Nuclear Test Ban Body CTBTO Opens Major Snt Conference With Hiroshima Warning
Dr Robert Floyd, Executive Secretary of the Comprehensive Nuclear-Test-Ban Treaty Organisation (CTBTO), began his address to the SnT2025 conference by invoking the memory of the first atomic bombings 80 years ago to underscore the importance of the organisation's mission.
“It's 6 August 1945 in Hiroshima. A bright summer morning. Thirteen-year-old Shigeru Orimen – He is so excited! His mother has packed his lunchbox. It includes special potatoes. He's grown them from seed himself. His mother later finds the charred lunchbox. Near his body,” Floyd said.
“In July 1945 came that first fateful nuclear test in New Mexico. Then, just three weeks later, came the bombings of Hiroshima and Nagasaki. We've just marked the 80th anniversaries of those events. I had the privilege to attend the commemorations in Japan,” he added.“Shigeru's lunchbox is there. In a museum. His lunch was never eaten. 80 years on – a good time to reflect.”
The Science and Technology (SnT) conference, a hybrid event held at Vienna's Hofburg Palace and online, brings together more than 2,000 scientists, academics and policy makers. Floyd noted it was the eighth and largest in a series that began with a modest gathering of 200 scientists in 2006.
He recalled how at the 2011 conference, his predecessor Tibor Tóth had highlighted the organisation's advances, including its success in monitoring North Korea's second nuclear test in 2009.
“All that was fourteen years ago! So much more has happened since then,” Floyd said, pointing to recent improvements in interactive radionuclide review tools and infrasound technology.
From kilobytes to gigabytes
Floyd highlighted the immense technological leaps made since the treaty was opened for signature in 1996, when over 2,000 nuclear tests had already been conducted. He said diplomats and scientists had to build a verification system that was both“TRUSTED and TRUSTWORTHY”.
He gave the example of communications bandwidth in the 1990s, when the nascent International Monitoring System (IMS) was being designed. The system could only stream 3.1 megabytes of data per day to the International Data Centre in Vienna.
“That's 10,000 times less data than today,” Floyd said.“These days we stream to Vienna 36 Gigabytes/Day.”
Floyd also noted that bold decisions made in the 1990s by a Group of Scientific Experts on data archiving have ensured that all data gathered since is stable, searchable and can be robustly compared over decades, creating a unique global research resource.
Conference attendees will be able to experience the monitoring network through a virtual reality facility and view an exhibit of an On-Site Inspection tent, similar to one that will be used in a major field exercise next year.
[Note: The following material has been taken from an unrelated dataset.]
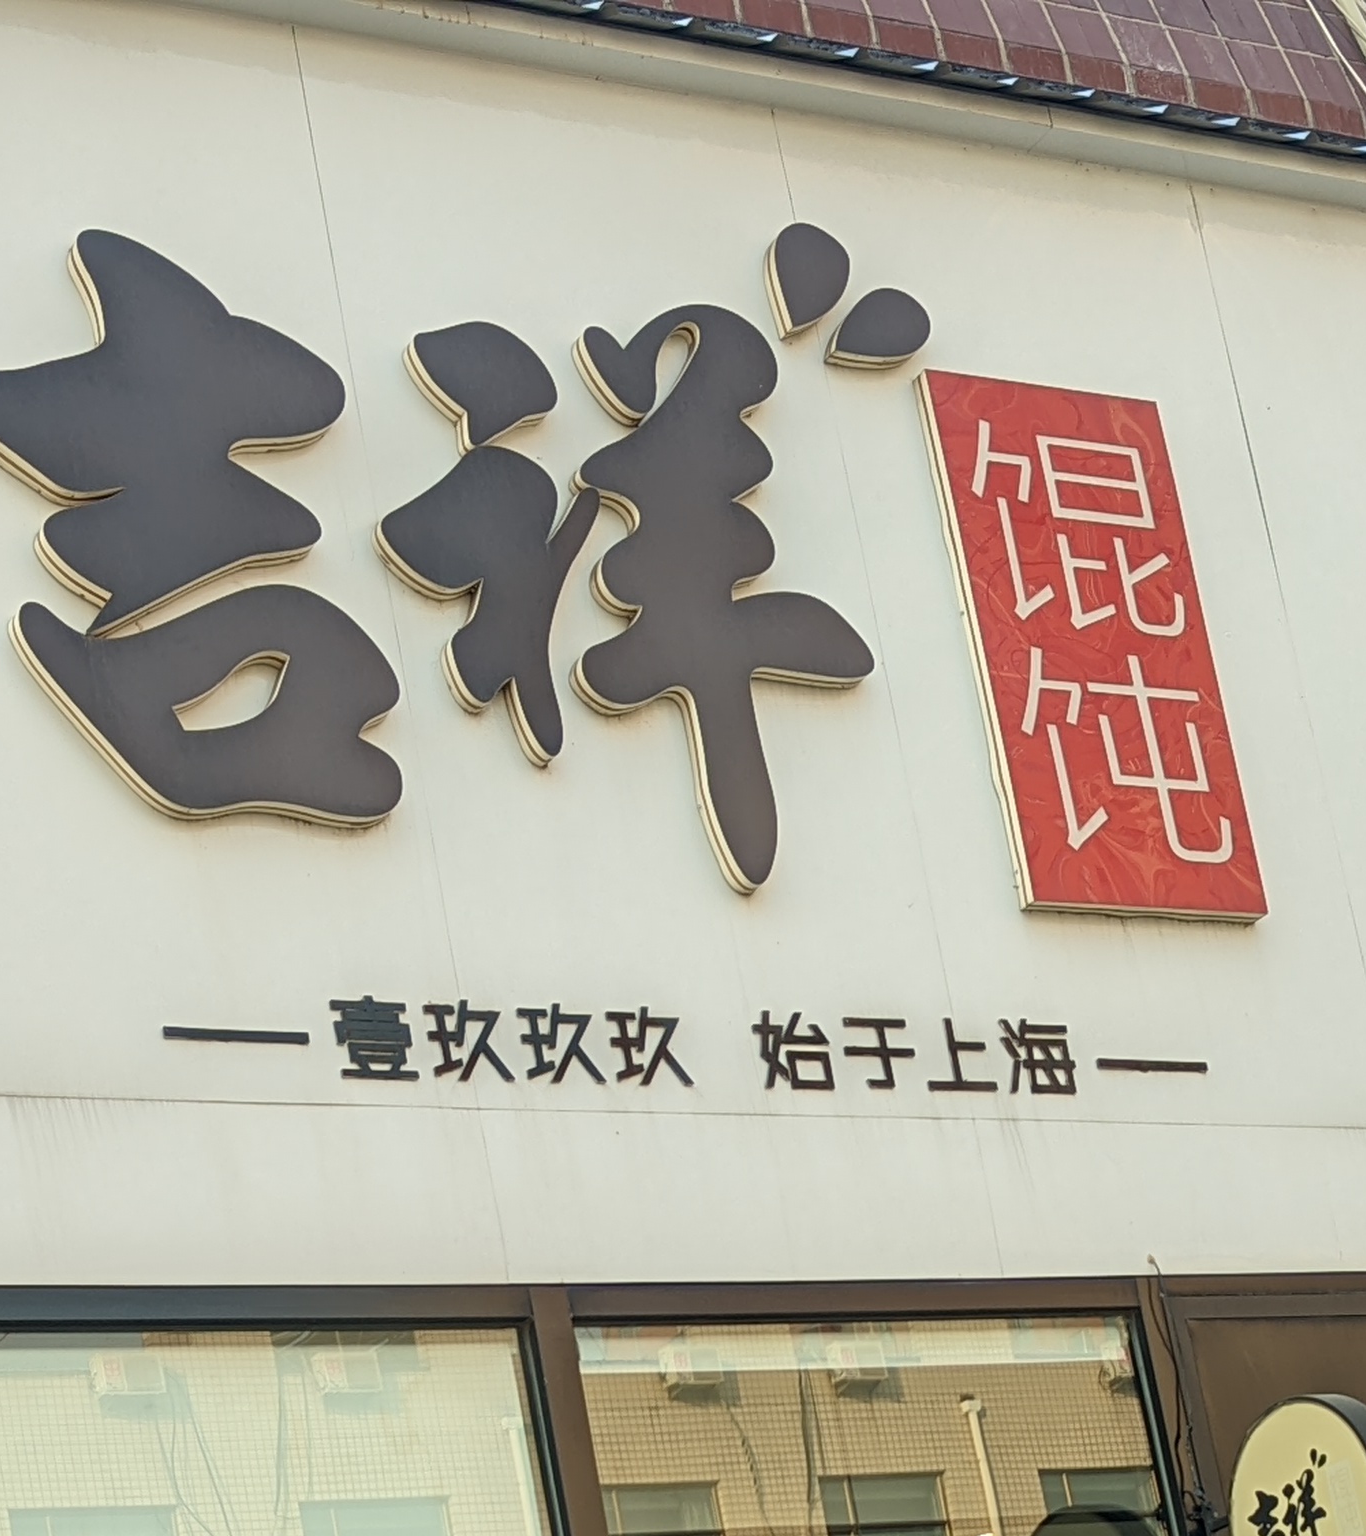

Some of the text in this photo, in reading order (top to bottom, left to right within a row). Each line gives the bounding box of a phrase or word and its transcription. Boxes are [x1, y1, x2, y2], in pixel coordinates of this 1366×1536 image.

AI and human responsibility
Addressing the“explosion” in Artificial Intelligence, Floyd said technologies like machine learning and quantum science had obvious potential for processing the vast datasets the CTBTO collects, but stressed the need for human oversight.
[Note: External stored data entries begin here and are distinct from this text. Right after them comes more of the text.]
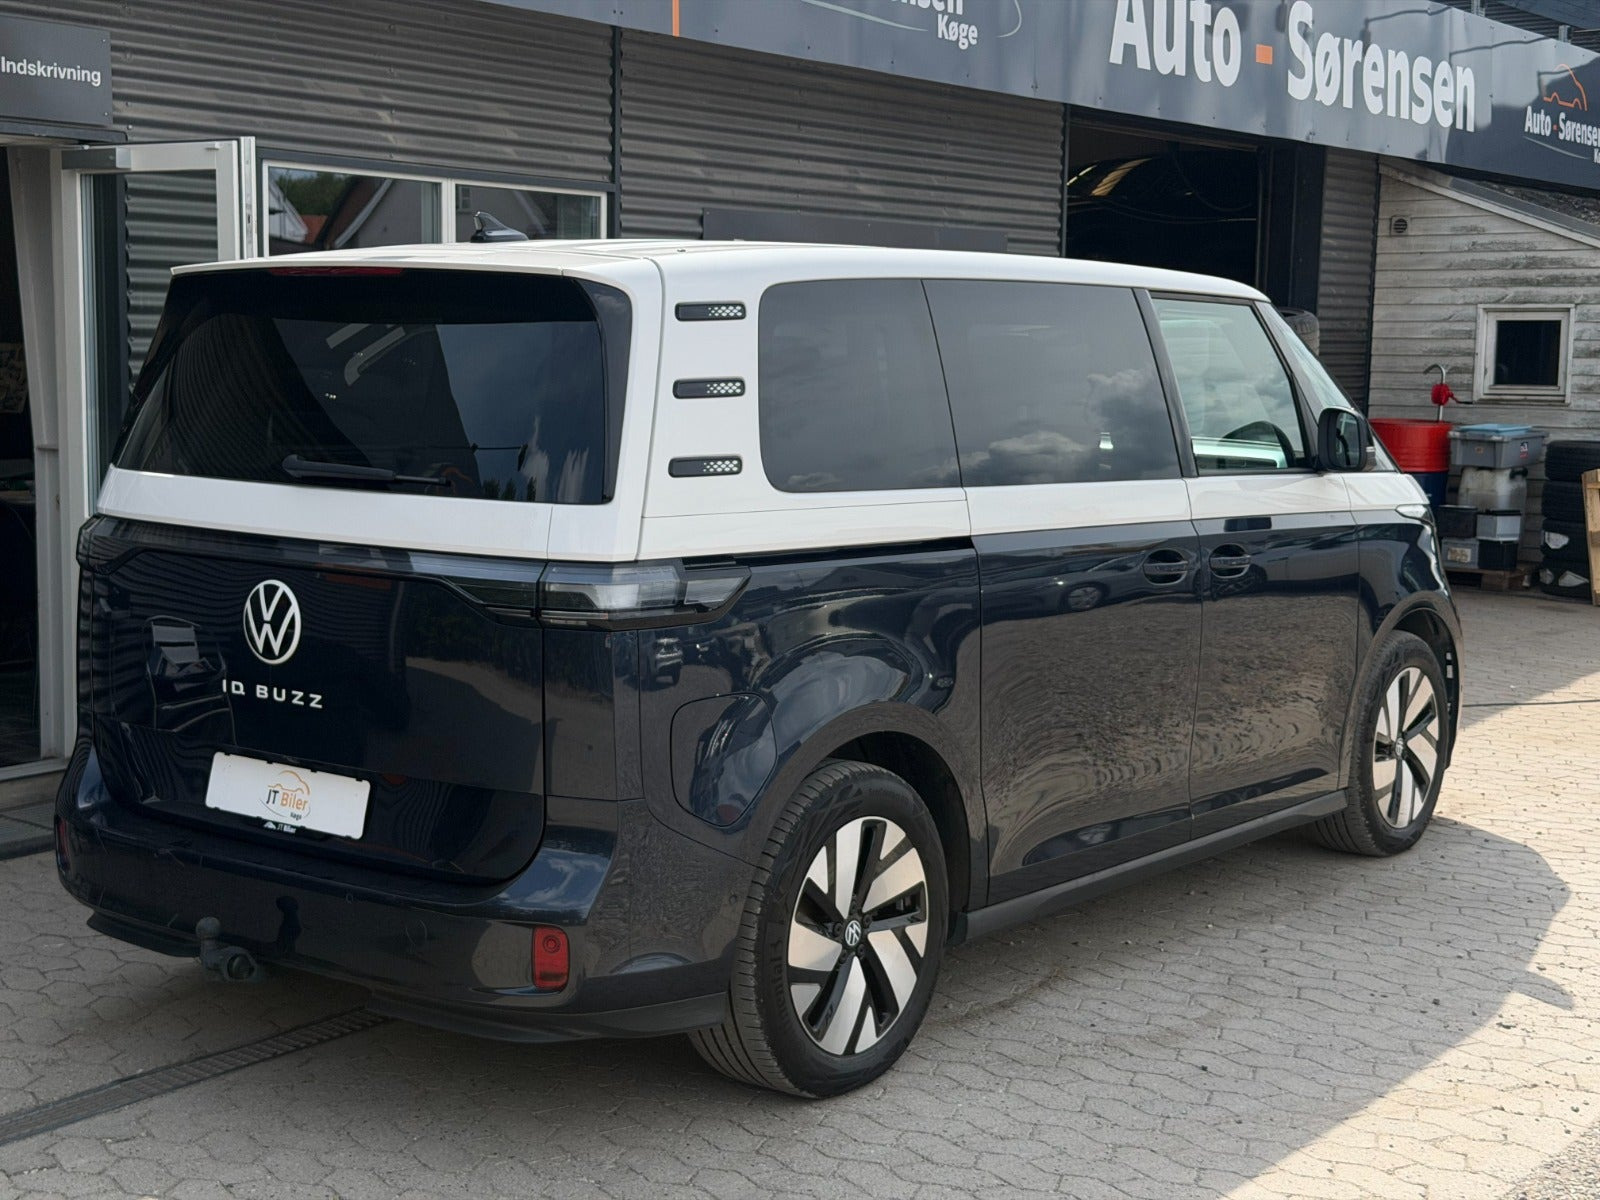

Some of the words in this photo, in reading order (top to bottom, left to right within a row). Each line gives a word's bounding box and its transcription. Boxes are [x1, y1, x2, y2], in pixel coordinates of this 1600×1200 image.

[937, 13, 978, 50] Køge
[1, 56, 101, 87] Indskrivning
[1109, 0, 1242, 87] Auto
[1287, 0, 1475, 133] Sørensen
[1524, 105, 1552, 136] Auto
[256, 685, 323, 709] BUZZ
[266, 789, 279, 804] JT
[281, 792, 308, 811] Biler
“That's why at CTBTO our final validators aren't machines. They're our human experts,” he said.“No room for mistakes. No room for miscalculations. No short-cuts!”
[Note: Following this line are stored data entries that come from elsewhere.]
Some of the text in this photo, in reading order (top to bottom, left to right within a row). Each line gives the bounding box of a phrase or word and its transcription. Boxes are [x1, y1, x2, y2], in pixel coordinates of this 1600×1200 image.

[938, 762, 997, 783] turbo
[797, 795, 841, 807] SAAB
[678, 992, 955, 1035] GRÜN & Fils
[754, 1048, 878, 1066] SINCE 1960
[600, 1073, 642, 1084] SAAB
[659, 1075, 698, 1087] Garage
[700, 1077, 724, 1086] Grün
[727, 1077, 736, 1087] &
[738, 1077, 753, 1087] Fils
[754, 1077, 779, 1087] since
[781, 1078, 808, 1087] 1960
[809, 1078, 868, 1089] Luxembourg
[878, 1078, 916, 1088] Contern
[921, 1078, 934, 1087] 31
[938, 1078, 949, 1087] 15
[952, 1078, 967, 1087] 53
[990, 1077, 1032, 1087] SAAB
He cited a real-world example from October of last year when the CTBTO's network was used to quickly debunk social media rumours of a nuclear test in Iran following two small earth tremors. Data from 40 IMS stations showed no nuclear explosion signature and were consistent with historical earthquakes in the area.
“We established hard scientific facts by using meticulous methodology. We cut right through all the rumours and disinformation. The world knew what had happened. CTBTO quickly helped reduce global tensions. That's our job,” Floyd said.
He contrasted the nearly weekly nuclear tests of the 1970s and 1980s with the“fewer than a dozen” tests conducted since the treaty opened for signature in 1996, calling it a“success story like no other.”
Looking ahead, Floyd set a date for a new milestone.“14 January 2026. Now just 18 weeks away,” he said.“If – when – we get to 14 January without a nuclear test, the world will set a new record. The longest period without one single test since that first Trinity test in New Mexico in 1945!”
“What a way to start 2026. The year marking our Treaty's 30th anniversary,” Floyd concluded, invoking the young people he met in Japan.“So committed to ensuring that while Hiroshima was the first, Nagasaki will forever be the last. That is our shared responsibility. That's what we owe to the memory of Shigeru Orimen. That boy with his precious lunchbox.”